*Assigned task*
Print the entries verbatim, leaving out the images they contain.

*Material shown*
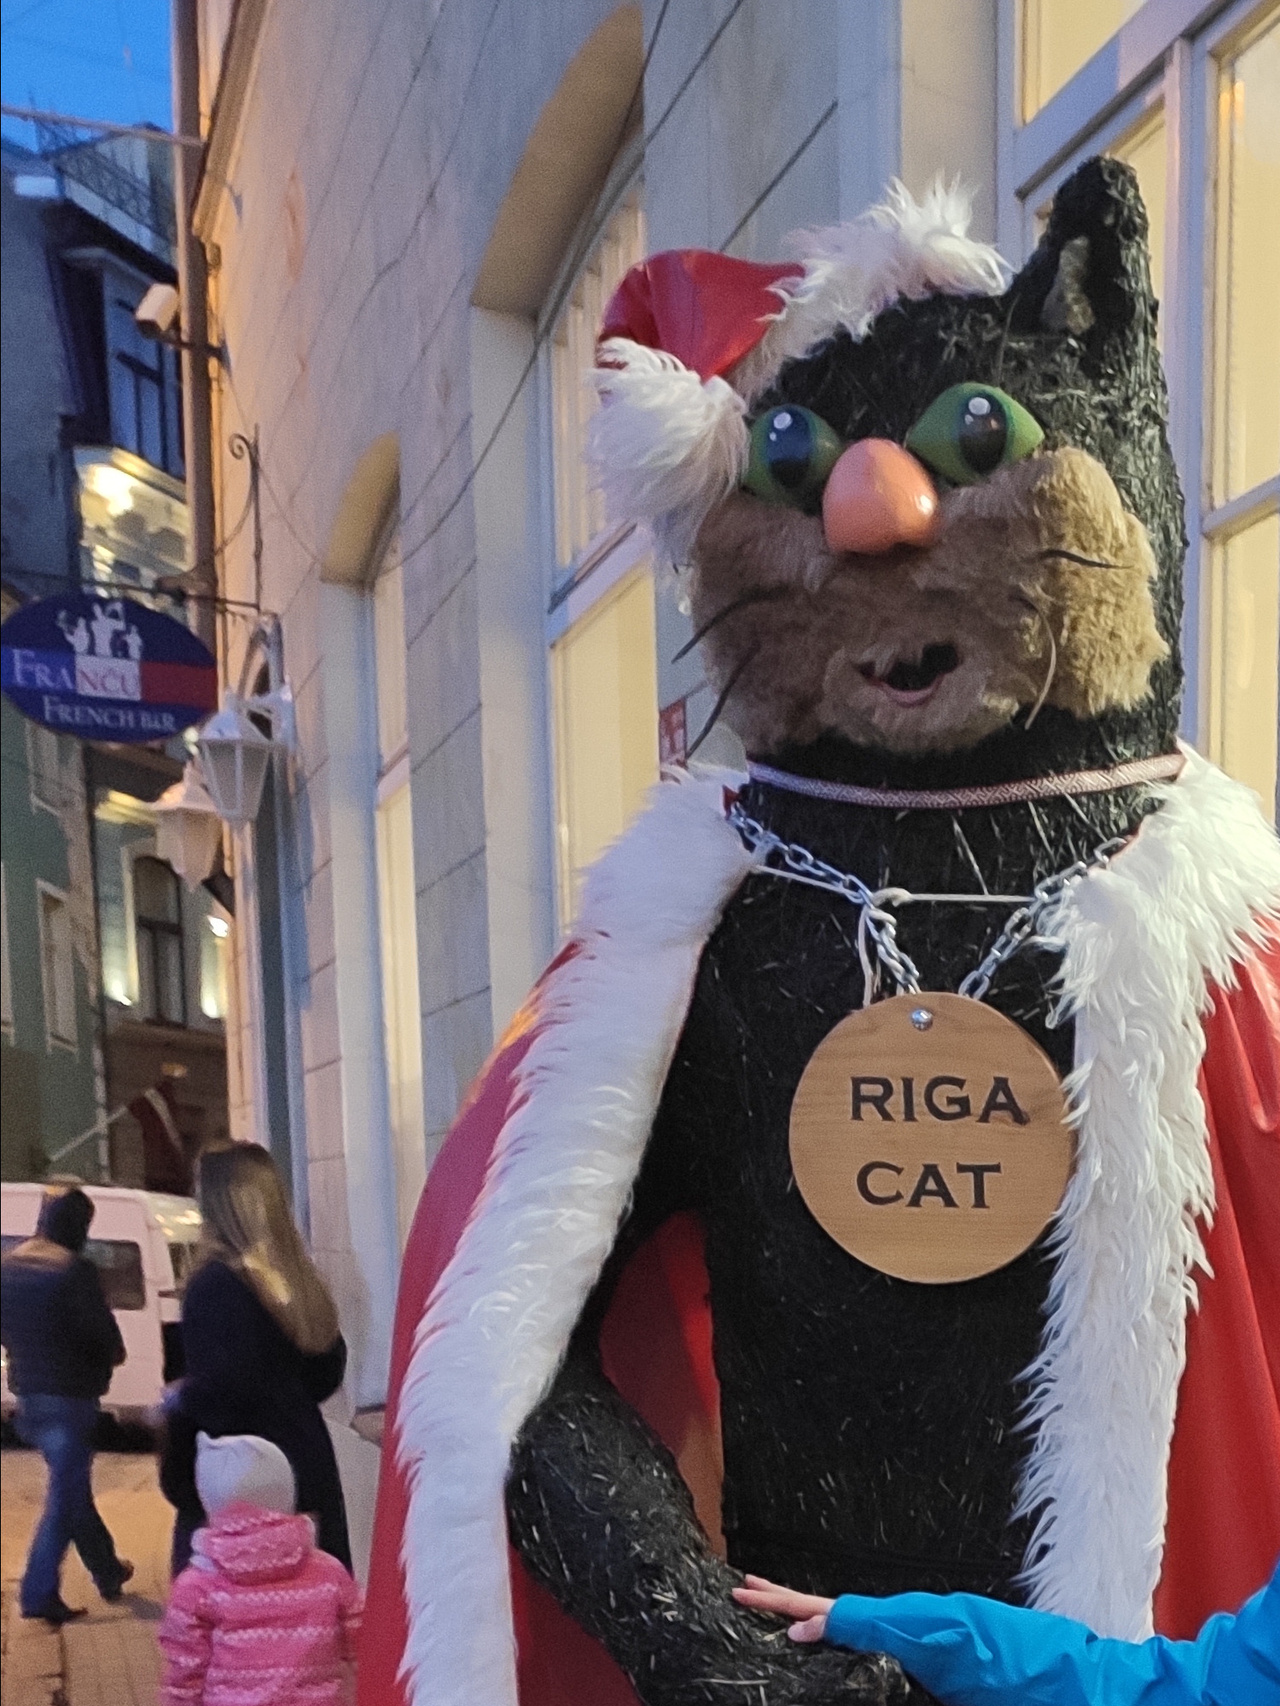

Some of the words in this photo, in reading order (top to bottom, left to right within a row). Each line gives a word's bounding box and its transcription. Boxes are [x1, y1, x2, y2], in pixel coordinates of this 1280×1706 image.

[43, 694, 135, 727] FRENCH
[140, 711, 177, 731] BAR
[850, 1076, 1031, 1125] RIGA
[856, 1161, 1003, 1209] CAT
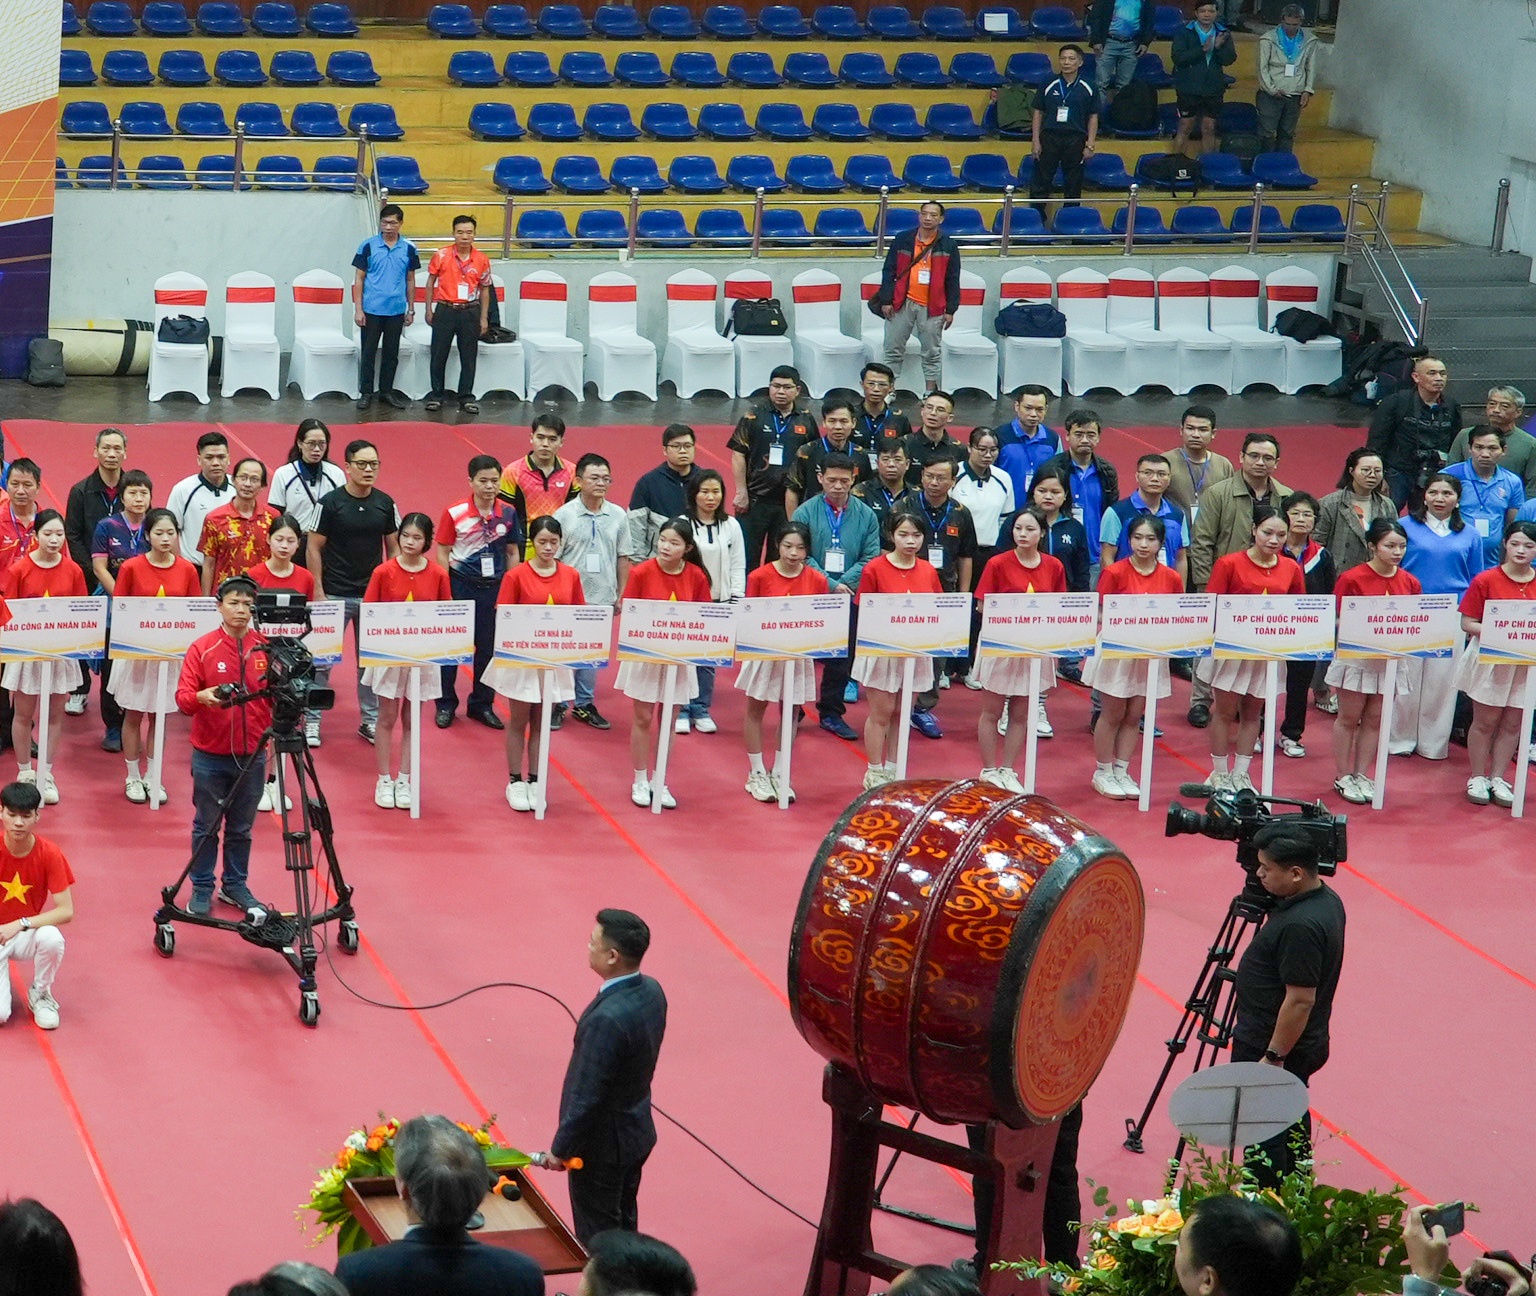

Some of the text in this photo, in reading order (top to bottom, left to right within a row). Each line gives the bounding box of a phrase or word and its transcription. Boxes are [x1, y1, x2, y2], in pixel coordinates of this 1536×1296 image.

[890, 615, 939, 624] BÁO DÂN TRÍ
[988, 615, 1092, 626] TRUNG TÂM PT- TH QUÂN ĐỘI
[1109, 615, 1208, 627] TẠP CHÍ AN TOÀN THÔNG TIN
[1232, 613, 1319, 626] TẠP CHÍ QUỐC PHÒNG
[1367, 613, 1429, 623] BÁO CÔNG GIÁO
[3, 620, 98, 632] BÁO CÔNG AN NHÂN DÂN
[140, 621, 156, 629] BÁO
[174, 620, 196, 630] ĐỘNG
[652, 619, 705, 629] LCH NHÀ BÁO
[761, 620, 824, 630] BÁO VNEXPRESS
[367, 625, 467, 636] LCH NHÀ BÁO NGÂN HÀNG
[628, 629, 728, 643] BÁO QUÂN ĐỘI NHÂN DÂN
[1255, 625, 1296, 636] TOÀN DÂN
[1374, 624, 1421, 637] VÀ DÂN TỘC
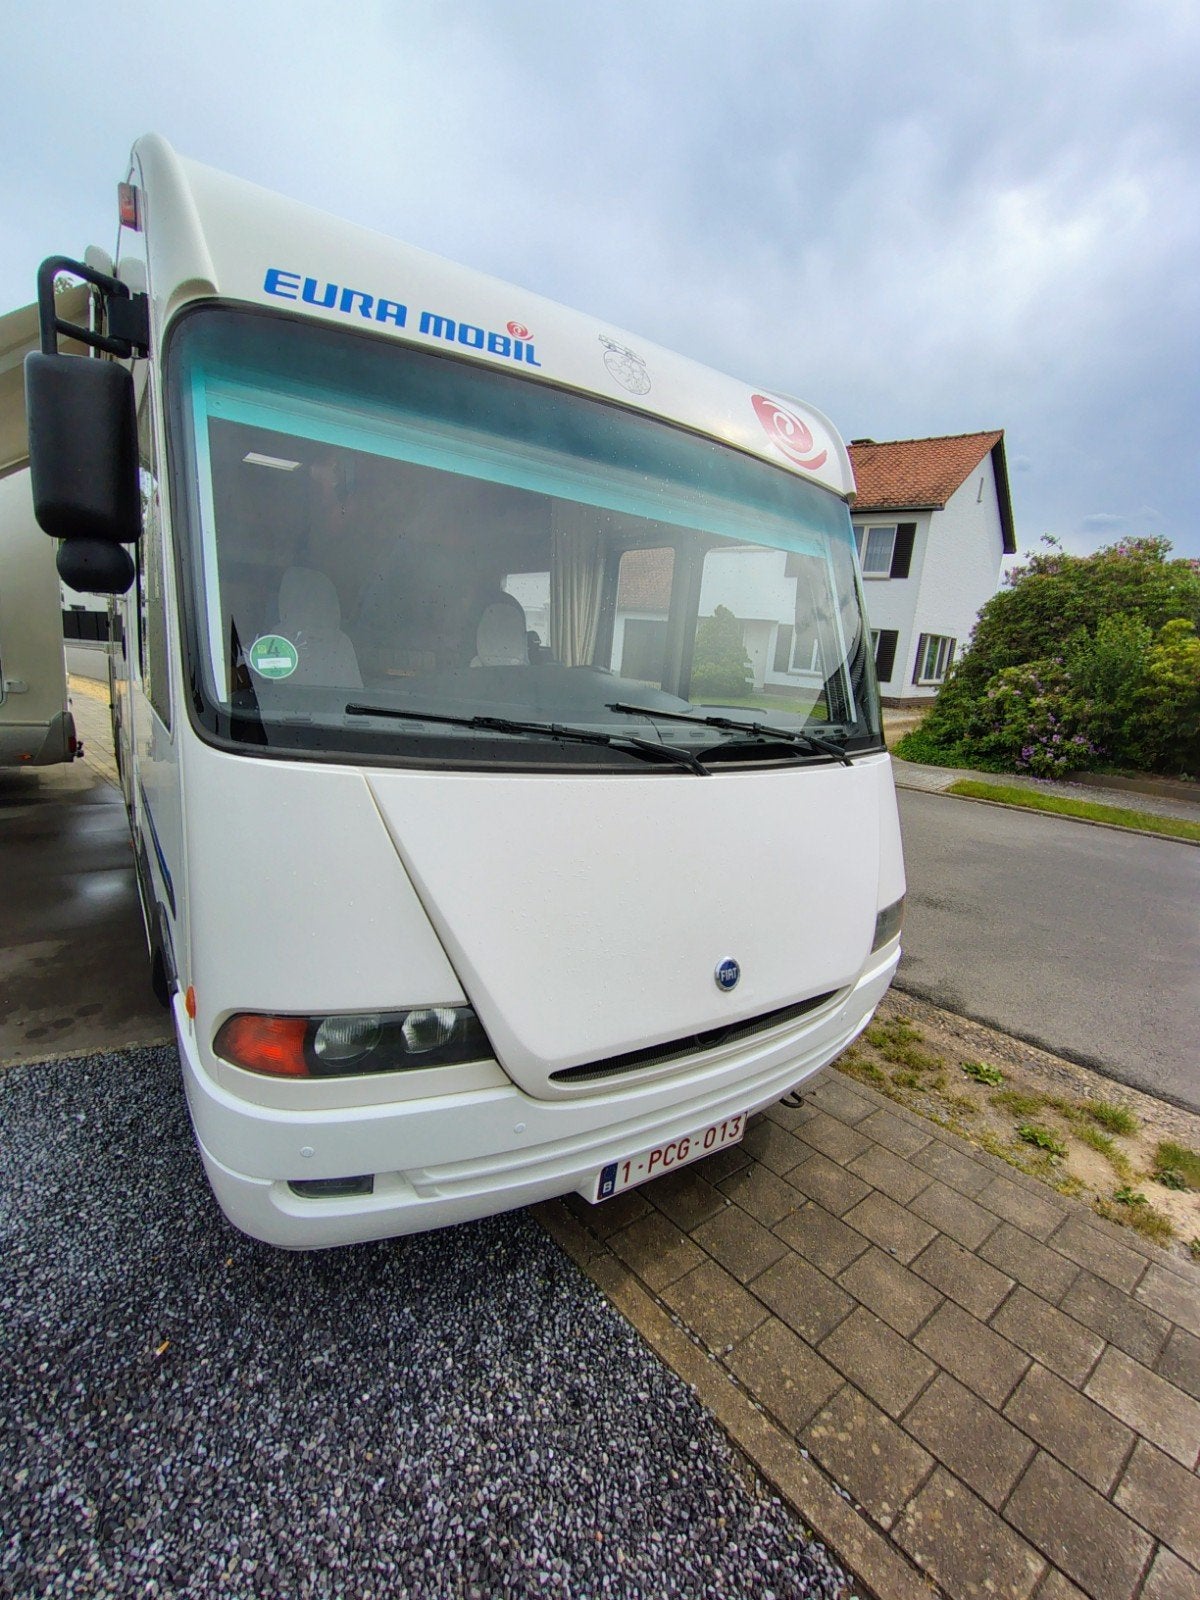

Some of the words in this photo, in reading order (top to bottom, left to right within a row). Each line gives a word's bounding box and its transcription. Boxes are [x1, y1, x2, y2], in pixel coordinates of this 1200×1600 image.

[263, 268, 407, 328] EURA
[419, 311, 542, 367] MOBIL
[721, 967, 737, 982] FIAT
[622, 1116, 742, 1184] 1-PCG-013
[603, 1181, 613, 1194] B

*Answer to this exercise*
Some of the words in this photo, in reading order (top to bottom, left to right within a row). Each line gives a word's bounding box and its transcription. Boxes are [x1, y1, x2, y2], in pixel coordinates of this 1280×1706 image.

[43, 694, 135, 727] FRENCH
[140, 711, 177, 731] BAR
[850, 1076, 1031, 1125] RIGA
[856, 1161, 1003, 1209] CAT

Some of the text in this photo, in reading order (top to bottom, left to right within a row). Each line gives the bounding box of a phrase or word and its transcription. Boxes are [x1, y1, x2, y2], in pixel coordinates of this 1536×1296 image.

[890, 615, 939, 624] BÁO DÂN TRÍ
[988, 615, 1092, 626] TRUNG TÂM PT- TH QUÂN ĐỘI
[1109, 615, 1208, 627] TẠP CHÍ AN TOÀN THÔNG TIN
[1232, 613, 1319, 626] TẠP CHÍ QUỐC PHÒNG
[1367, 613, 1429, 623] BÁO CÔNG GIÁO
[3, 620, 98, 632] BÁO CÔNG AN NHÂN DÂN
[140, 621, 156, 629] BÁO
[174, 620, 196, 630] ĐỘNG
[652, 619, 705, 629] LCH NHÀ BÁO
[761, 620, 824, 630] BÁO VNEXPRESS
[367, 625, 467, 636] LCH NHÀ BÁO NGÂN HÀNG
[628, 629, 728, 643] BÁO QUÂN ĐỘI NHÂN DÂN
[1255, 625, 1296, 636] TOÀN DÂN
[1374, 624, 1421, 637] VÀ DÂN TỘC

Some of the words in this photo, in reading order (top to bottom, left to right within a row). Each line gives a word's bounding box and its transcription. Boxes are [x1, y1, x2, y2], in pixel coordinates of this 1200×1600 image.

[263, 268, 407, 328] EURA
[419, 311, 542, 367] MOBIL
[721, 967, 737, 982] FIAT
[622, 1116, 742, 1184] 1-PCG-013
[603, 1181, 613, 1194] B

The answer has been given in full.